◆ What is being asked ◆
Would you copy out the following entries exactly, without any of the pictures?

◆ Data records ◆
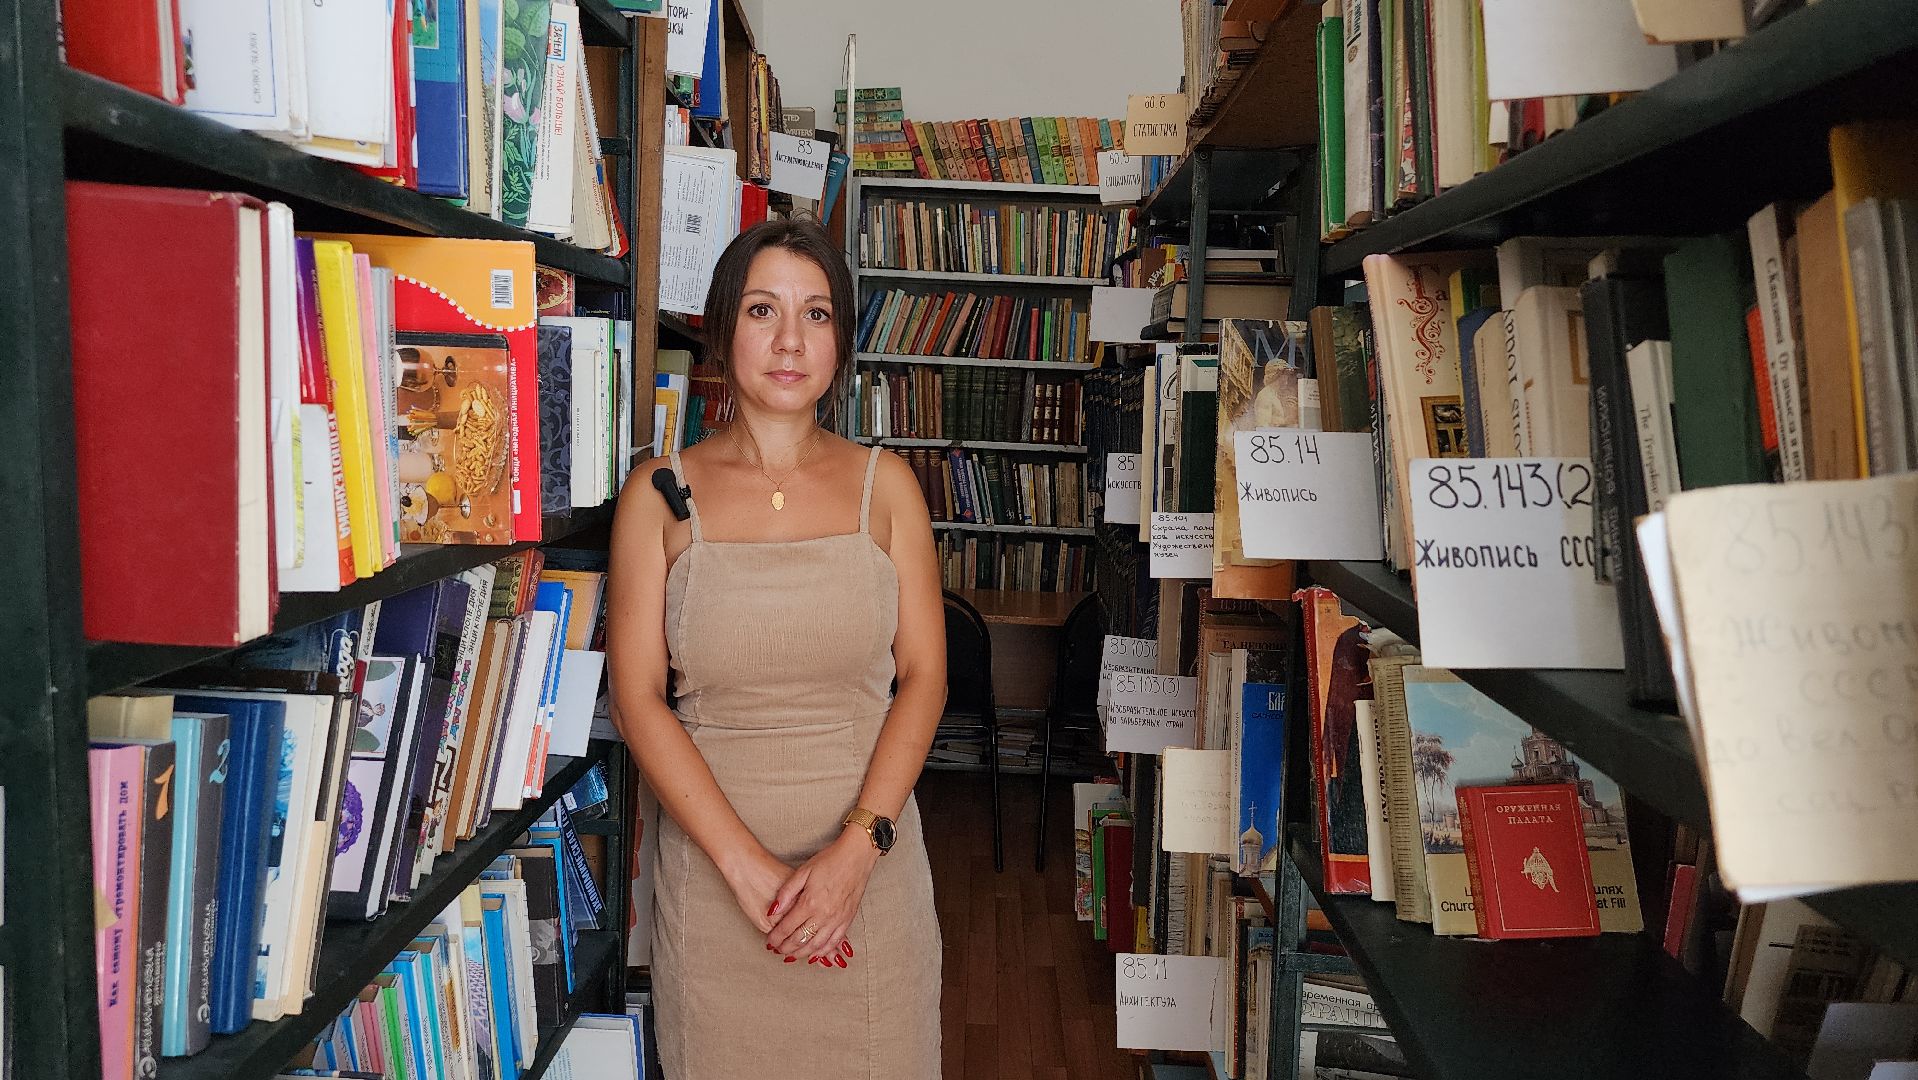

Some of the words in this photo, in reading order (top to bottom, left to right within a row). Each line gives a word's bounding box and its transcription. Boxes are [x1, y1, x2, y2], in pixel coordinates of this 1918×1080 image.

[553, 26, 563, 58] ЗАЧЕМ
[556, 65, 566, 95] УЗНАЙ
[554, 96, 566, 136] БОЛЬШЕ!
[1133, 123, 1178, 137] СТАТИСТИКА
[797, 139, 813, 155] 83
[510, 358, 520, 411] ИНИЦИАТИВА»
[511, 412, 521, 456] «НАРОДНАЯ
[1117, 455, 1135, 471] 85
[1250, 434, 1321, 465] 85.14
[511, 457, 522, 483] ФОНДА
[1107, 478, 1142, 490] ИСКУССТВ
[1240, 481, 1318, 502] Живопись
[1428, 462, 1593, 510] 85.143(2
[1151, 524, 1188, 533] Охрана
[1724, 496, 1911, 573] 85.143
[1415, 539, 1539, 569] Живопись
[209, 738, 231, 784] 2
[119, 780, 130, 806] дом
[153, 764, 174, 821] 1
[1496, 803, 1561, 813] ОРУЖЕЙНАЯ
[1507, 815, 1554, 825] ПАЛАТА
[565, 829, 604, 914] ЭКОНОМИЧЕСКАЯ
[1610, 898, 1627, 909] Fili
[110, 927, 124, 973] самому
[1122, 956, 1167, 980] 85.11
[108, 979, 120, 1008] Как
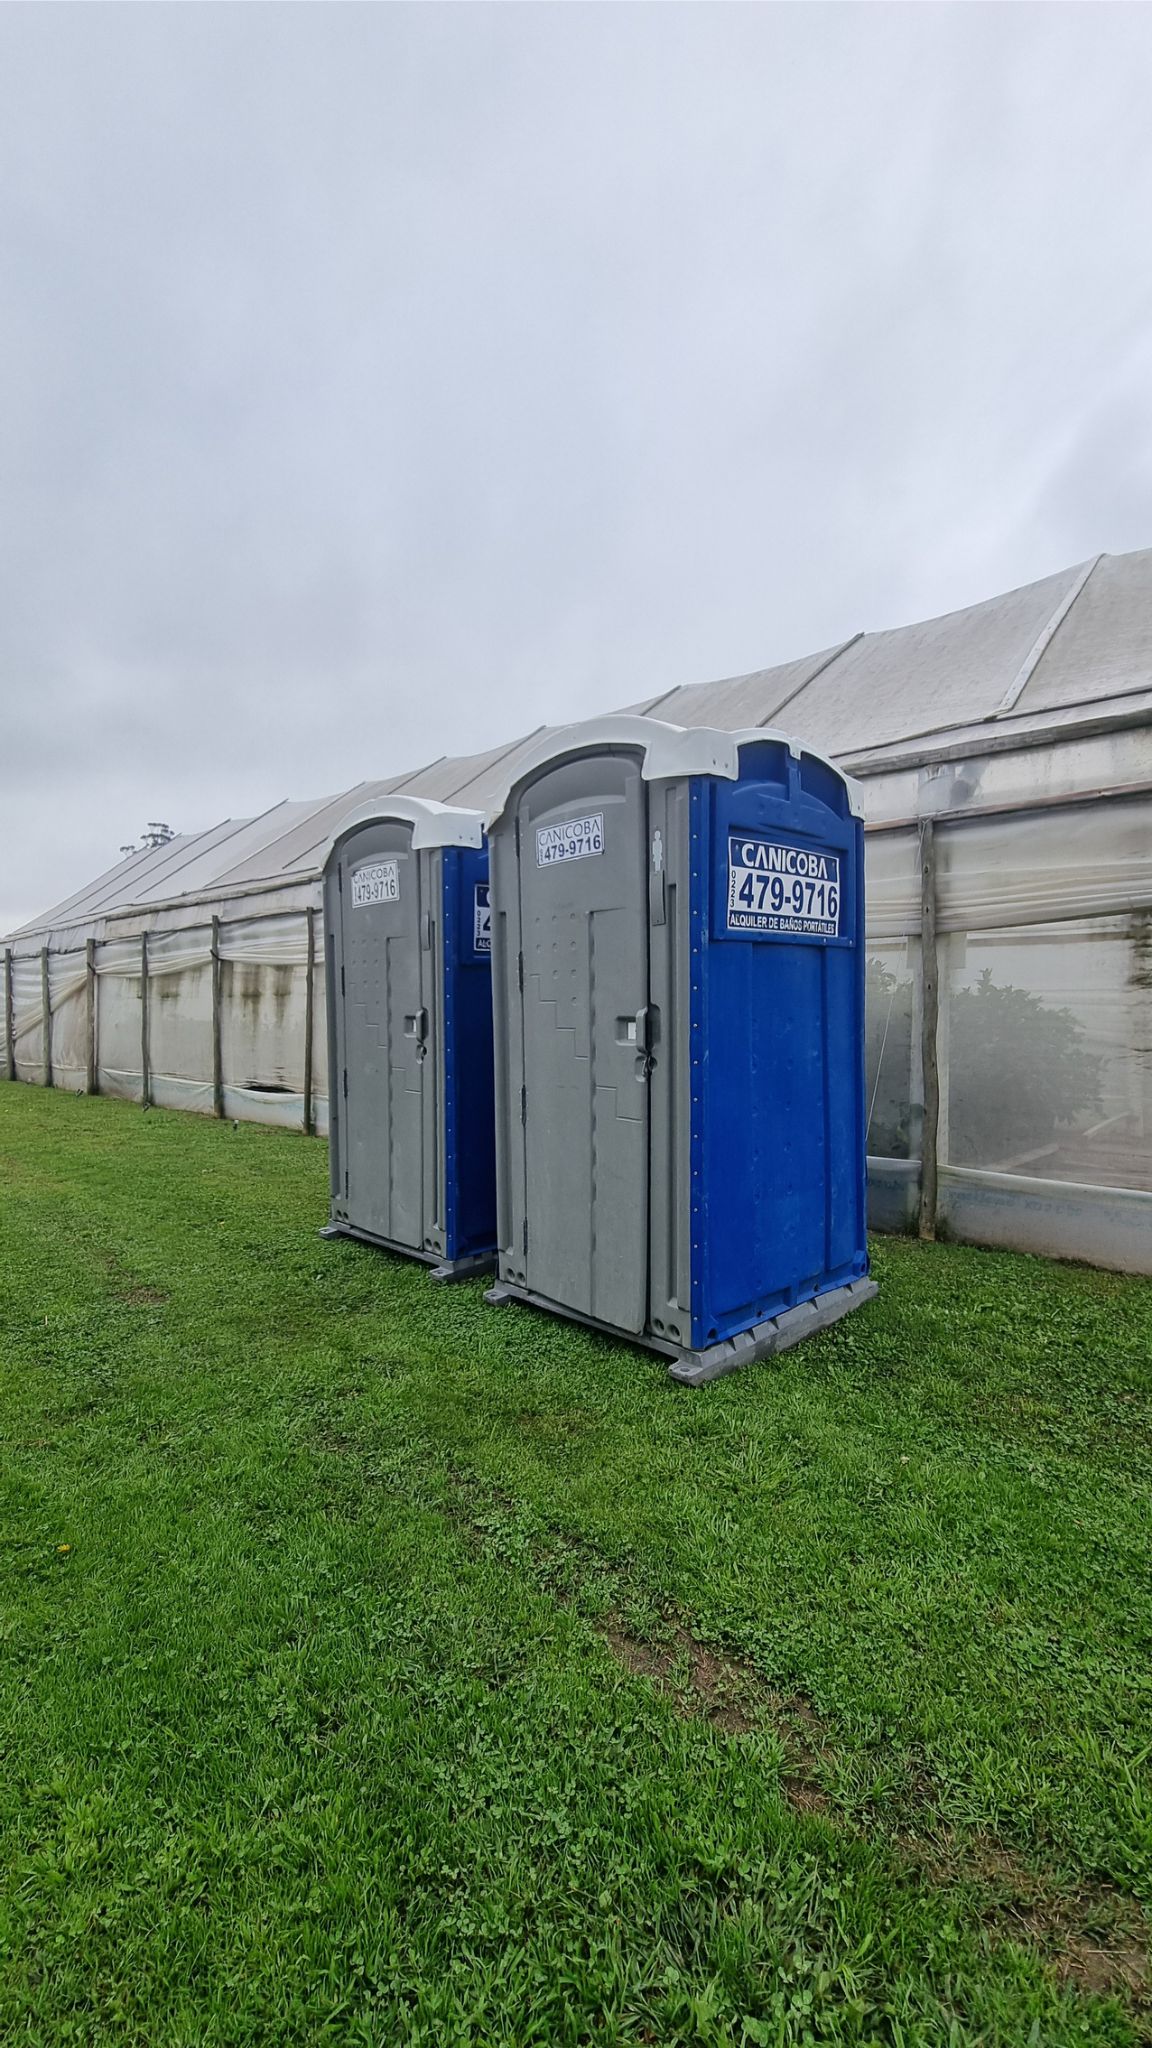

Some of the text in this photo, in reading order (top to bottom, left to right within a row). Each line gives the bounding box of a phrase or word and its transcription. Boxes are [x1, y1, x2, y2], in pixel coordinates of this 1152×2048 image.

[539, 819, 601, 846] CANICOBA
[544, 834, 601, 861] 479-9716
[741, 843, 828, 879] CANICOBA
[738, 872, 838, 918] 479-9716
[730, 913, 767, 928] ALQUILER
[768, 917, 779, 929] DE
[780, 917, 803, 931] BAÑOS
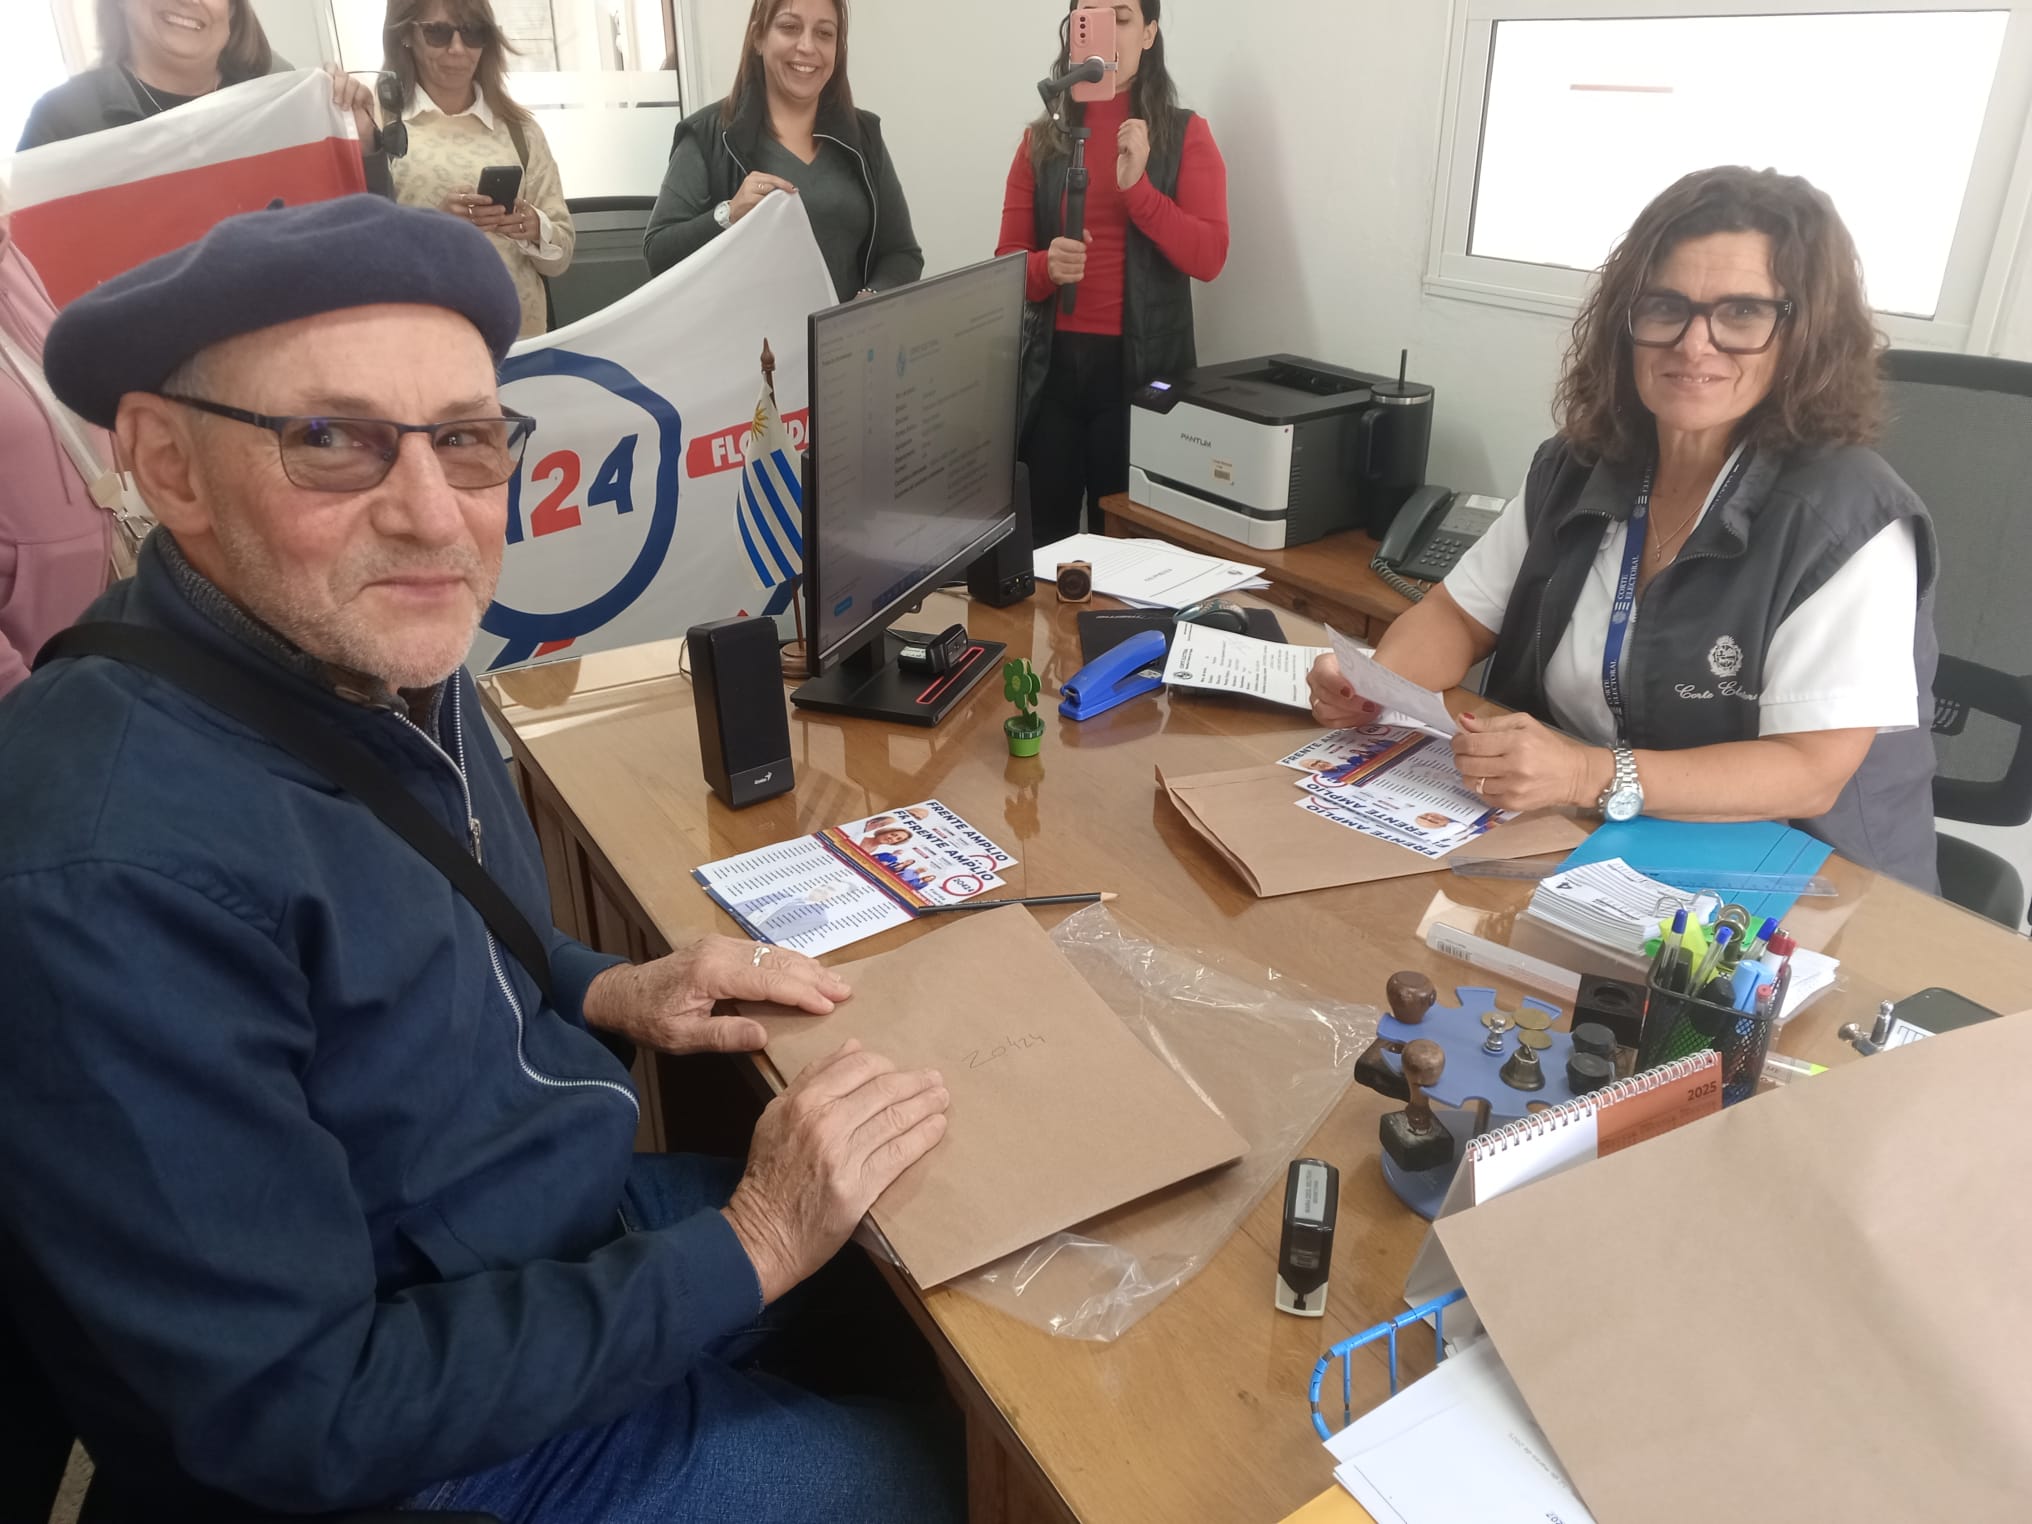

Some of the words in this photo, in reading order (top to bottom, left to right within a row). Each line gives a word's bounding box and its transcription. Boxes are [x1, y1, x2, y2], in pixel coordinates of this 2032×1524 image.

◆ Response to the task ◆
Some of the words in this photo, in reading order (top to bottom, left to right within a row). Each line gives a word's bounding box and its transcription. Boxes are [x1, y1, x2, y2], in pixel coordinates of this 1918×1080 image.

[553, 26, 563, 58] ЗАЧЕМ
[556, 65, 566, 95] УЗНАЙ
[554, 96, 566, 136] БОЛЬШЕ!
[1133, 123, 1178, 137] СТАТИСТИКА
[797, 139, 813, 155] 83
[510, 358, 520, 411] ИНИЦИАТИВА»
[511, 412, 521, 456] «НАРОДНАЯ
[1117, 455, 1135, 471] 85
[1250, 434, 1321, 465] 85.14
[511, 457, 522, 483] ФОНДА
[1107, 478, 1142, 490] ИСКУССТВ
[1240, 481, 1318, 502] Живопись
[1428, 462, 1593, 510] 85.143(2
[1151, 524, 1188, 533] Охрана
[1724, 496, 1911, 573] 85.143
[1415, 539, 1539, 569] Живопись
[209, 738, 231, 784] 2
[119, 780, 130, 806] дом
[153, 764, 174, 821] 1
[1496, 803, 1561, 813] ОРУЖЕЙНАЯ
[1507, 815, 1554, 825] ПАЛАТА
[565, 829, 604, 914] ЭКОНОМИЧЕСКАЯ
[1610, 898, 1627, 909] Fili
[110, 927, 124, 973] самому
[1122, 956, 1167, 980] 85.11
[108, 979, 120, 1008] Как

Some of the text in this photo, in reading order (top to bottom, left to right within a row). Each line gives the bounding box of a phrase or word and its transcription. Boxes are [x1, y1, x2, y2], in pixel coordinates of this 1152×2048 image.

[539, 819, 601, 846] CANICOBA
[544, 834, 601, 861] 479-9716
[741, 843, 828, 879] CANICOBA
[738, 872, 838, 918] 479-9716
[730, 913, 767, 928] ALQUILER
[768, 917, 779, 929] DE
[780, 917, 803, 931] BAÑOS

Some of the words in this photo, in reading order (top to bottom, left to right within a row). Each line gives a word's bounding box and its transcription. Boxes are [x1, y1, x2, y2], in pixel coordinates of this 2032×1524 image.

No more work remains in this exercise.